Source material: Begin
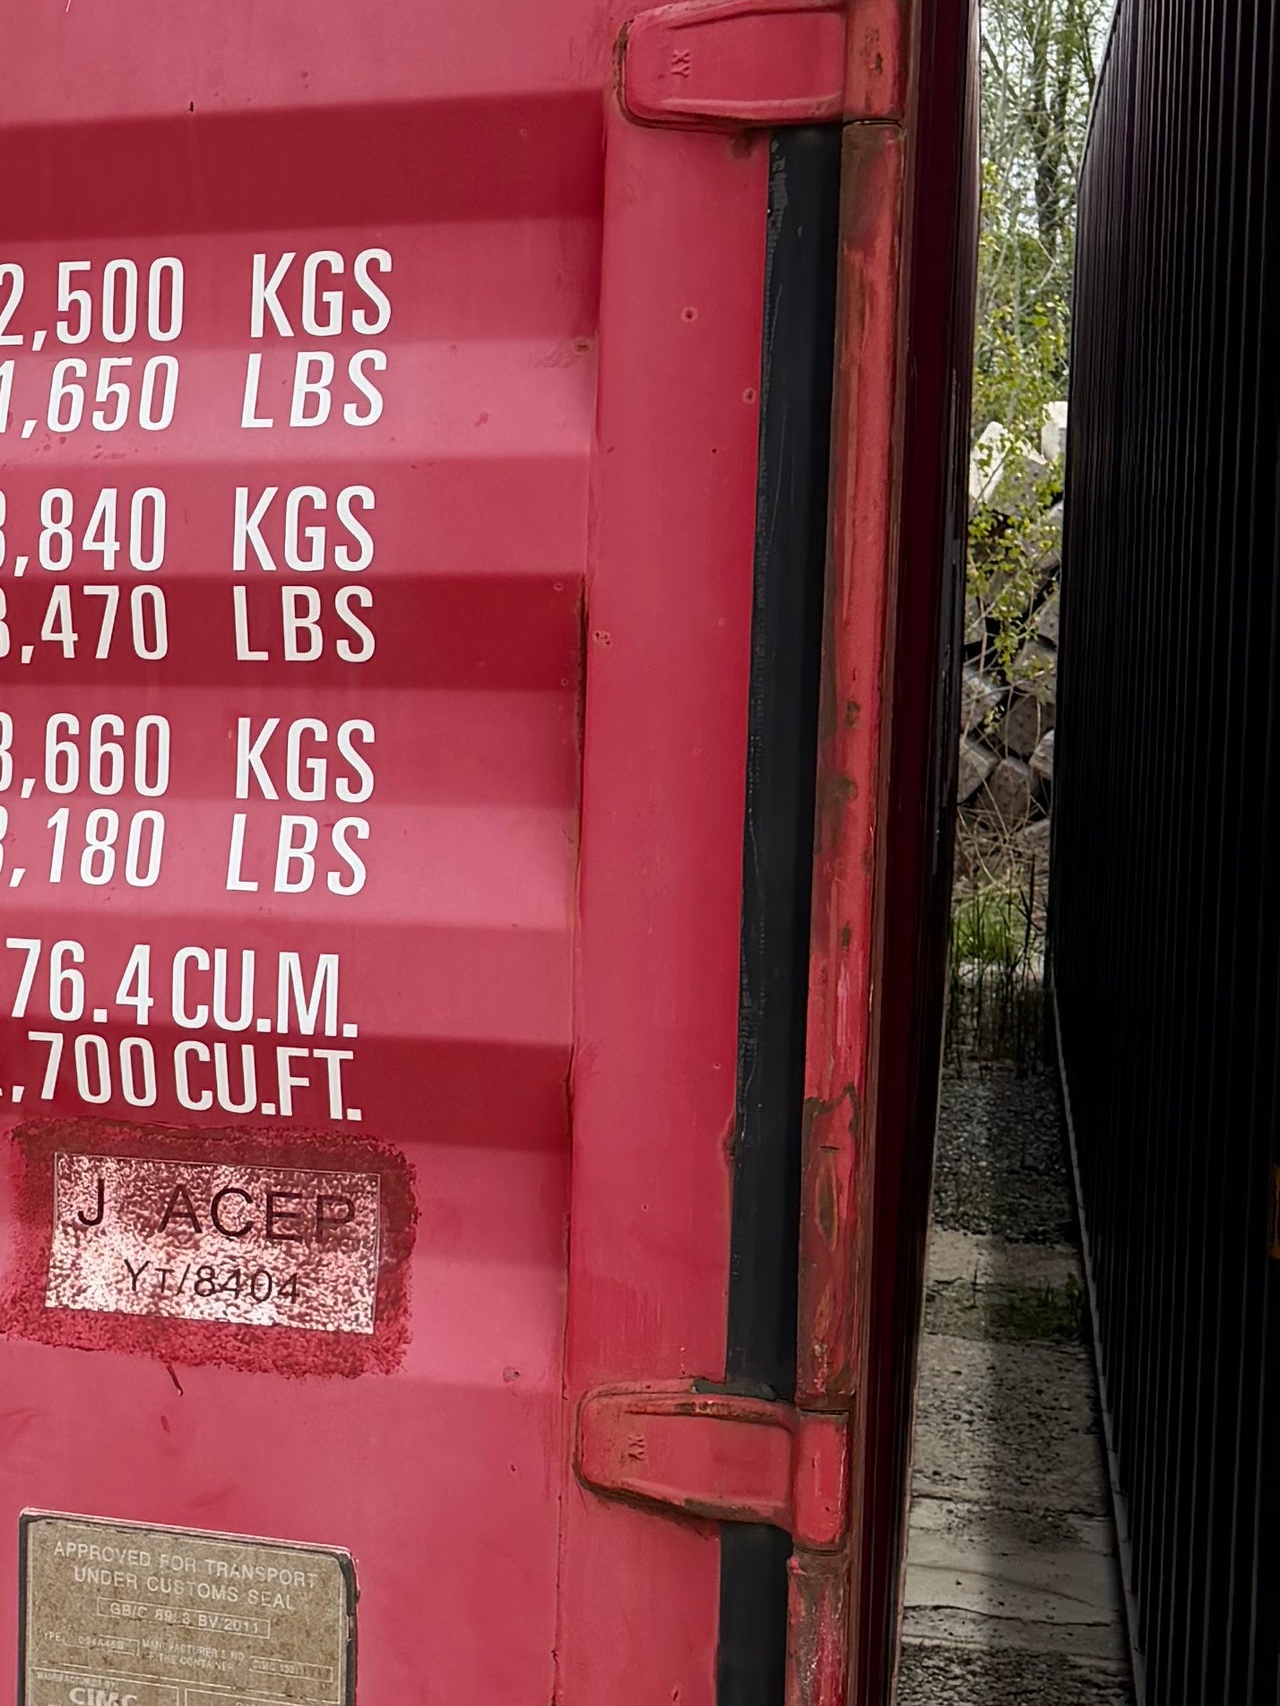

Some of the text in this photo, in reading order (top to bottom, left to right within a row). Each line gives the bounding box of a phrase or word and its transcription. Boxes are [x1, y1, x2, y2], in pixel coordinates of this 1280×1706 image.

[251, 249, 392, 337] KGS
[240, 350, 387, 428] LBS
[232, 485, 375, 572] KGS
[234, 586, 375, 662] LBS
[235, 717, 375, 803] KGS
[225, 814, 369, 895] LBS
[6, 937, 153, 1025] 76.4
[172, 946, 358, 1038] CU.M.
[175, 1040, 361, 1121] CU.FT.
[157, 1184, 357, 1249] ACEP
[54, 1539, 317, 1590] APPROVED FOR TRANSPORT
[74, 1565, 295, 1610] UNDER CUSTOMS SEAL
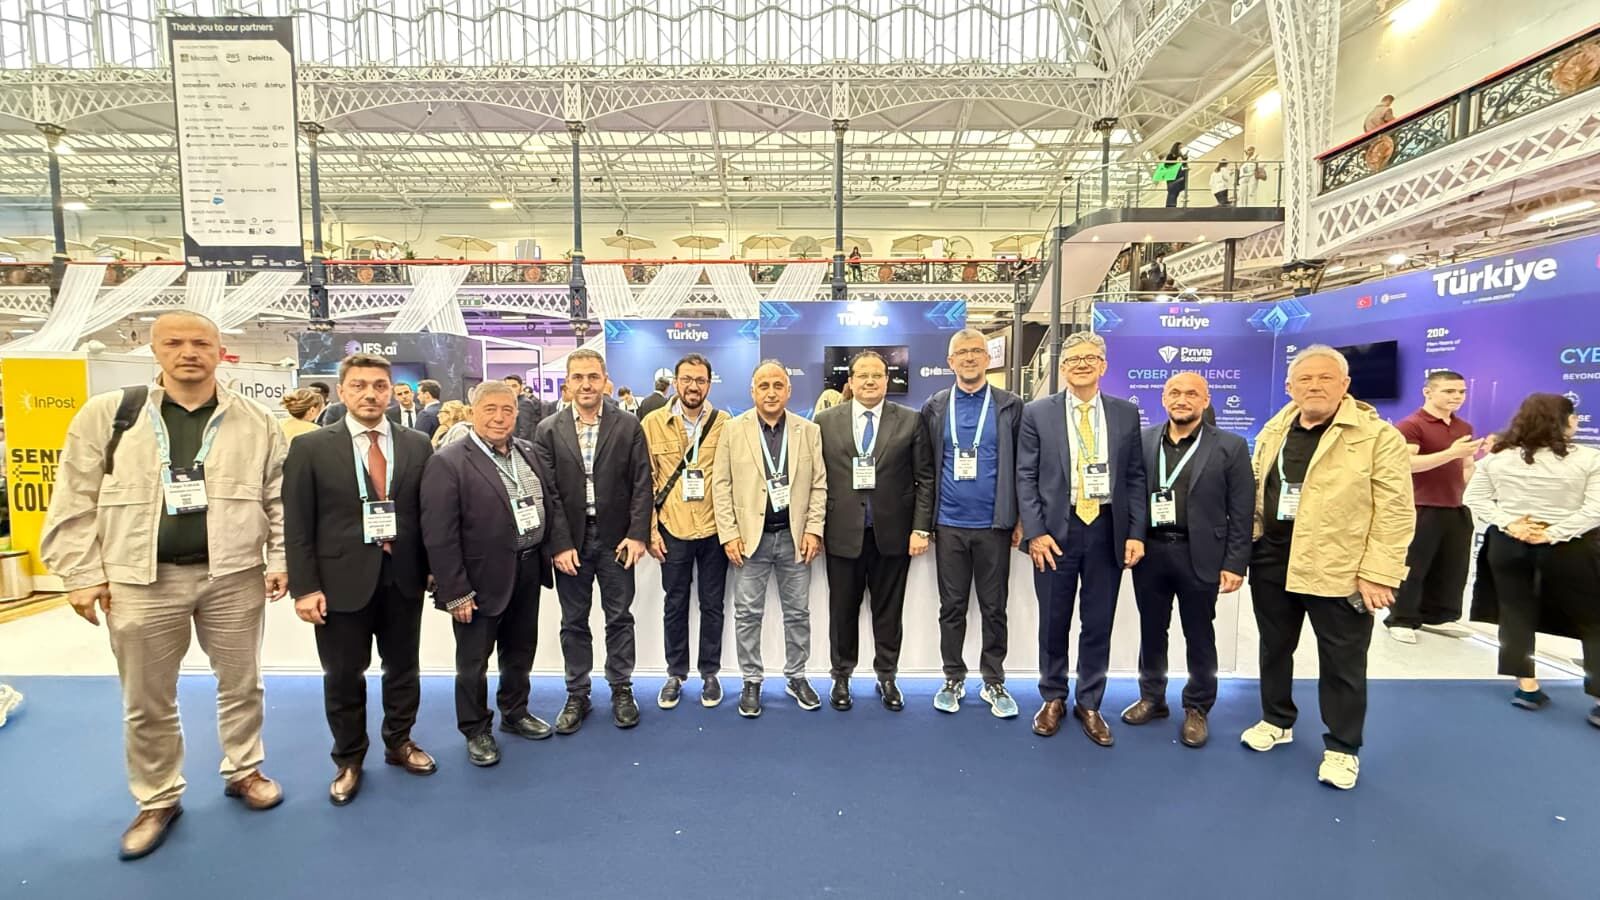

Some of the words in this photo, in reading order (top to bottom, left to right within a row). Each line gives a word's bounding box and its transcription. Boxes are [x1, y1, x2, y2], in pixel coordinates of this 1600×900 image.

[172, 22, 197, 32] Thank
[197, 24, 213, 33] you
[214, 23, 224, 32] to
[224, 24, 238, 32] our
[240, 23, 274, 33] partners
[1432, 257, 1558, 297] Türkiye
[1159, 315, 1210, 329] Türkiye
[666, 328, 709, 342] Türkiye
[1426, 327, 1449, 338] 200+
[362, 341, 398, 356] IFS.ai
[1180, 346, 1213, 356] Privia
[1180, 356, 1212, 364] Security
[1127, 369, 1168, 379] CYBER
[240, 382, 287, 398] InPost
[34, 396, 76, 409] InPost
Source material: End
Work to be completed ▸ Your answer must be an exact copy of the records, without the pictures.

Answer section ▸
Some of the text in this photo, in reading order (top to bottom, left to right within a row). Each line gives the bounding box of a phrase or word and its transcription. Boxes are [x1, y1, x2, y2], in pixel coordinates of this 1280×1706 image.

[251, 249, 392, 337] KGS
[240, 350, 387, 428] LBS
[232, 485, 375, 572] KGS
[234, 586, 375, 662] LBS
[235, 717, 375, 803] KGS
[225, 814, 369, 895] LBS
[6, 937, 153, 1025] 76.4
[172, 946, 358, 1038] CU.M.
[175, 1040, 361, 1121] CU.FT.
[157, 1184, 357, 1249] ACEP
[54, 1539, 317, 1590] APPROVED FOR TRANSPORT
[74, 1565, 295, 1610] UNDER CUSTOMS SEAL

Some of the words in this photo, in reading order (top to bottom, left to right within a row). Each line gives a word's bounding box and its transcription. Boxes are [x1, y1, x2, y2], in pixel coordinates of this 1600×900 image.

[172, 22, 197, 32] Thank
[197, 24, 213, 33] you
[214, 23, 224, 32] to
[224, 24, 238, 32] our
[240, 23, 274, 33] partners
[1432, 257, 1558, 297] Türkiye
[1159, 315, 1210, 329] Türkiye
[666, 328, 709, 342] Türkiye
[1426, 327, 1449, 338] 200+
[362, 341, 398, 356] IFS.ai
[1180, 346, 1213, 356] Privia
[1180, 356, 1212, 364] Security
[1127, 369, 1168, 379] CYBER
[240, 382, 287, 398] InPost
[34, 396, 76, 409] InPost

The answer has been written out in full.